Extracted information Block Start
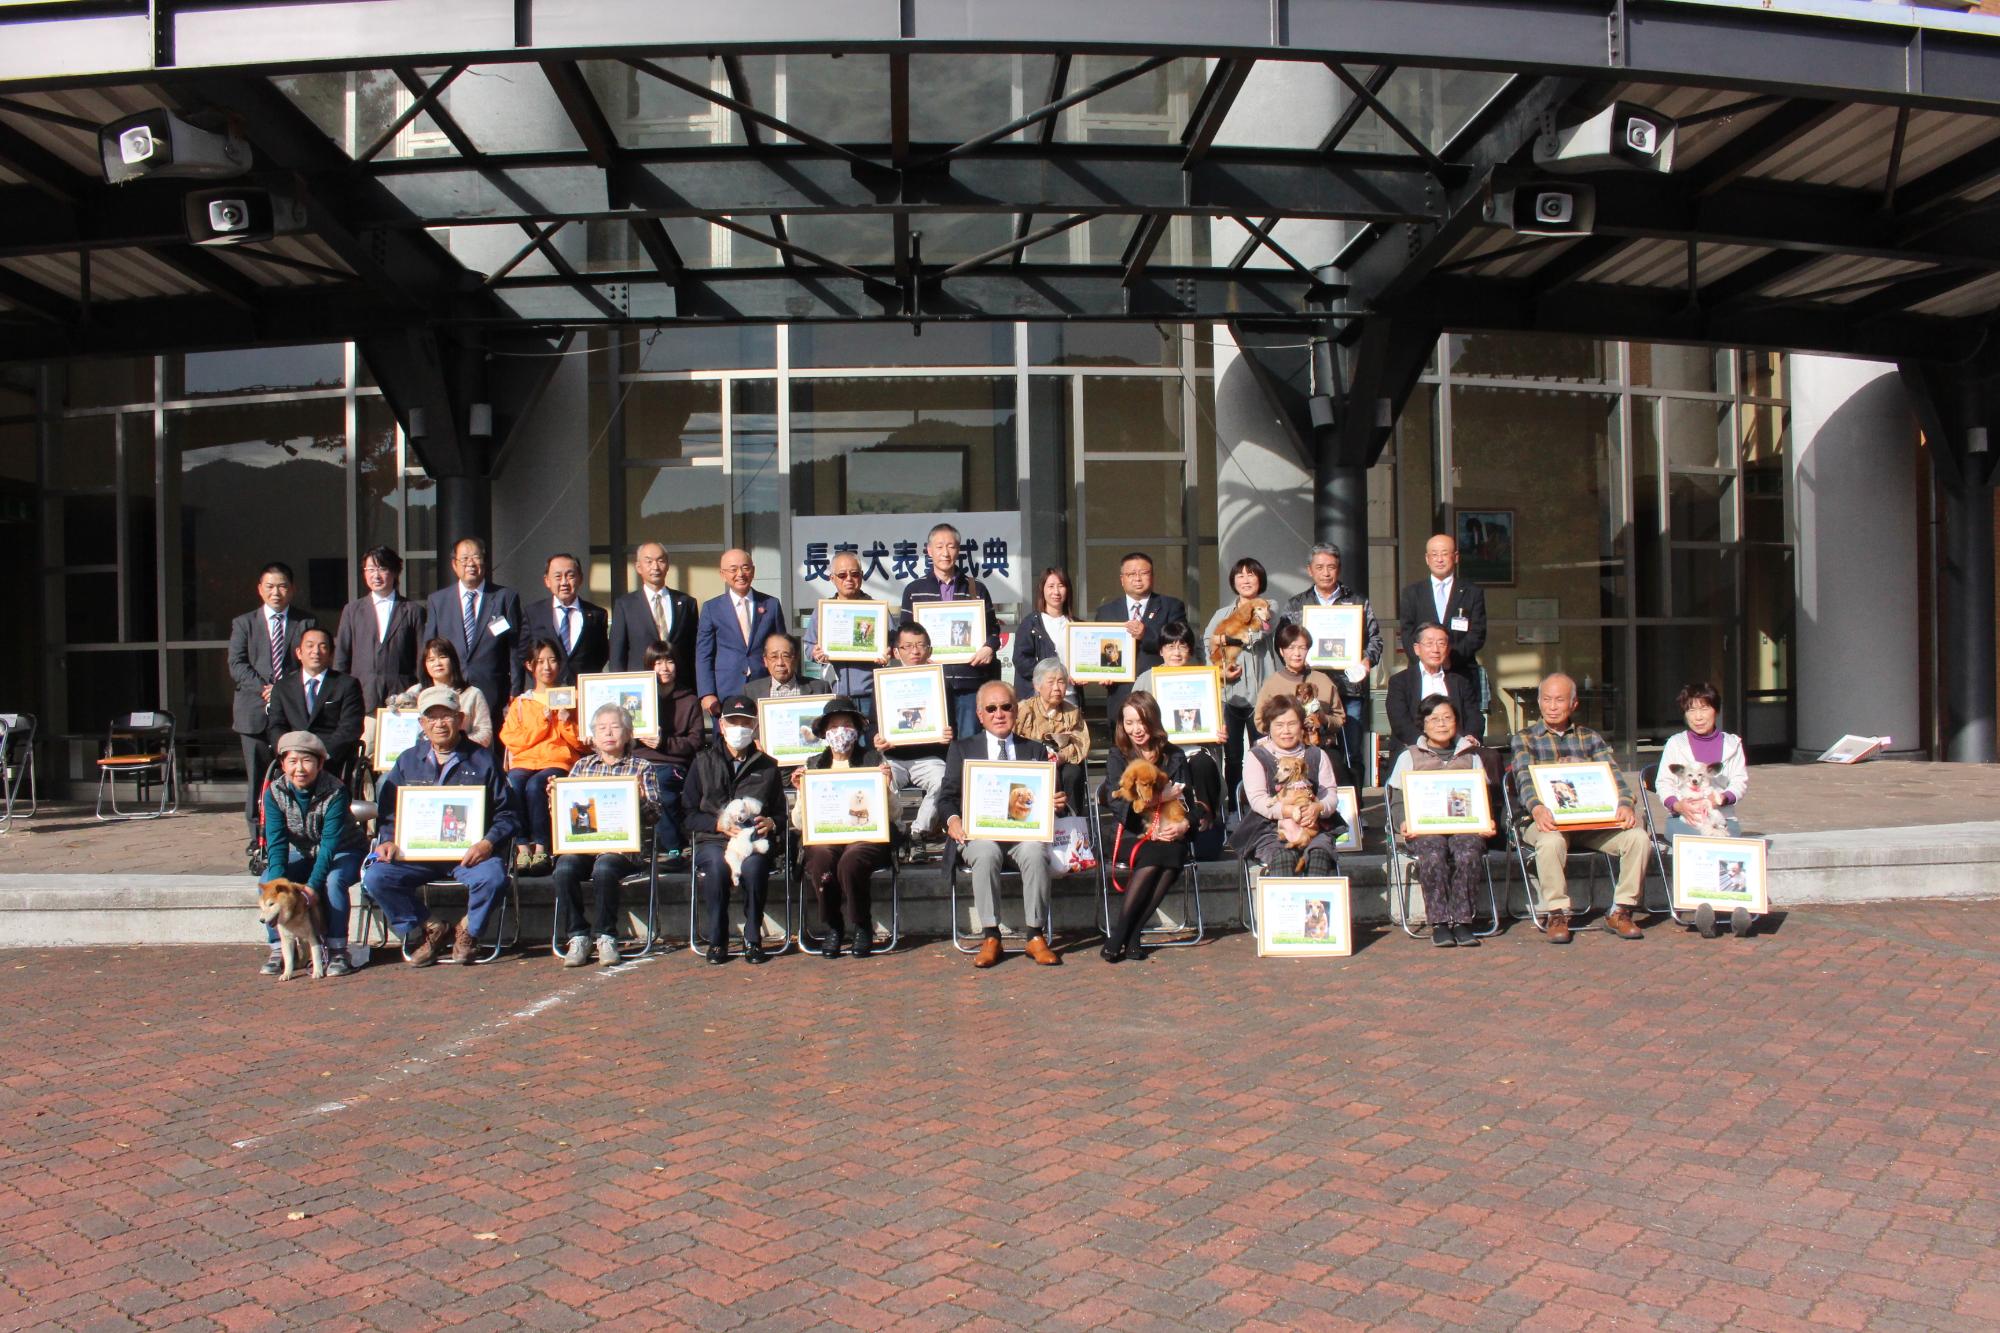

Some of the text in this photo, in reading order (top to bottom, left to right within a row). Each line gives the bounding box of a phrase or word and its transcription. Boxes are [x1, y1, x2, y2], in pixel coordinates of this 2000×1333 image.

[804, 537, 1009, 581] 長犬表式典
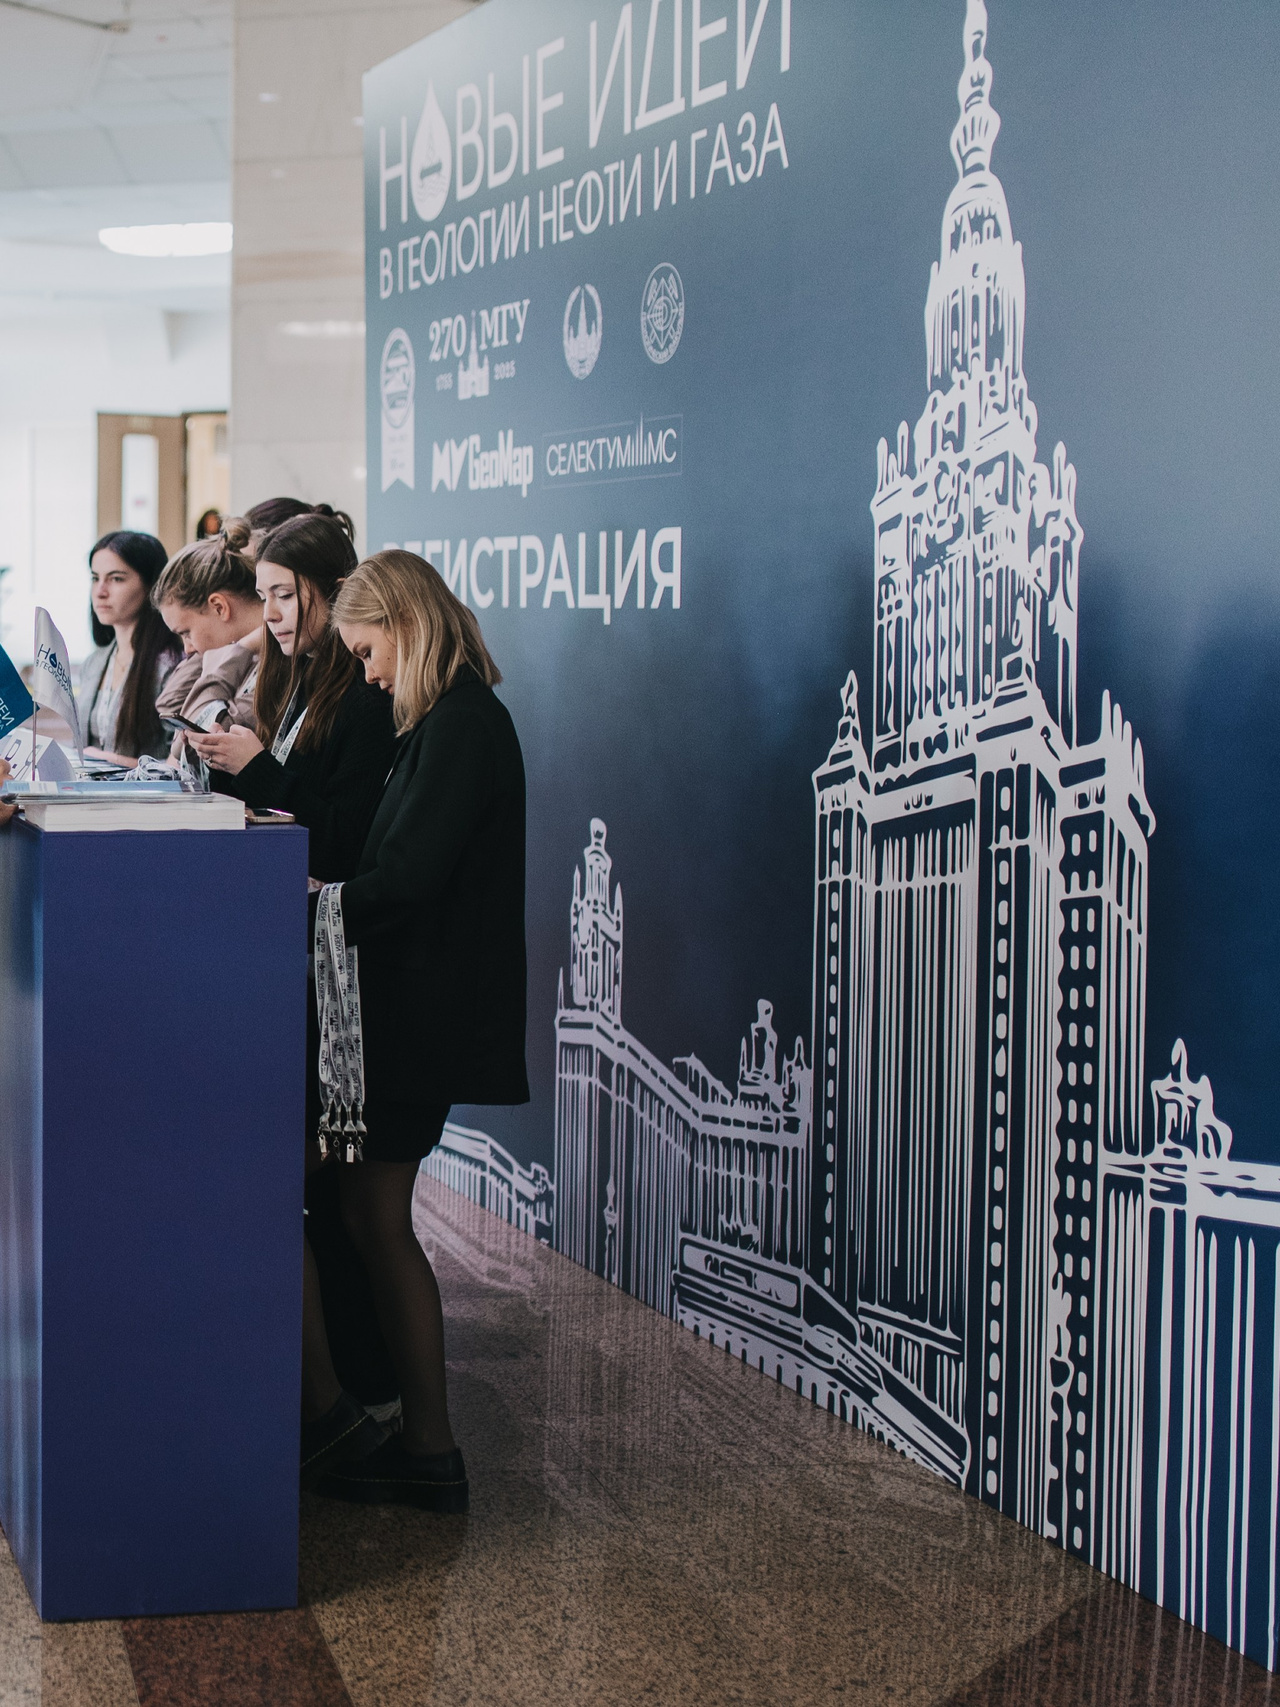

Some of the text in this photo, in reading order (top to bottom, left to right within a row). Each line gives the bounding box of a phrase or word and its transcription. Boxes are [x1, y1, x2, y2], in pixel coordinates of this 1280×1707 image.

[380, 37, 565, 231] НОВЫЕ
[379, 102, 789, 300] В ГЕОЛОГИИ НЕФТИ И ГАЗА
[428, 299, 531, 362] 270 МГУ
[468, 429, 534, 497] GeoMap
[382, 526, 682, 626] ИСТРАЦИЯ
Extracted information Block End
Copy the data exactly. Any picture it contains is to be omitted.

Exercise result:
Some of the text in this photo, in reading order (top to bottom, left to right within a row). Each line gives the bounding box of a phrase or word and its transcription. Boxes are [x1, y1, x2, y2], in pixel coordinates of this 2000×1333 image.

[804, 537, 1009, 581] 長犬表式典

Some of the text in this photo, in reading order (top to bottom, left to right within a row). Each line gives the bounding box of a phrase or word and its transcription. Boxes are [x1, y1, x2, y2], in pixel coordinates of this 1280×1707 image.

[380, 37, 565, 231] НОВЫЕ
[379, 102, 789, 300] В ГЕОЛОГИИ НЕФТИ И ГАЗА
[428, 299, 531, 362] 270 МГУ
[468, 429, 534, 497] GeoMap
[382, 526, 682, 626] ИСТРАЦИЯ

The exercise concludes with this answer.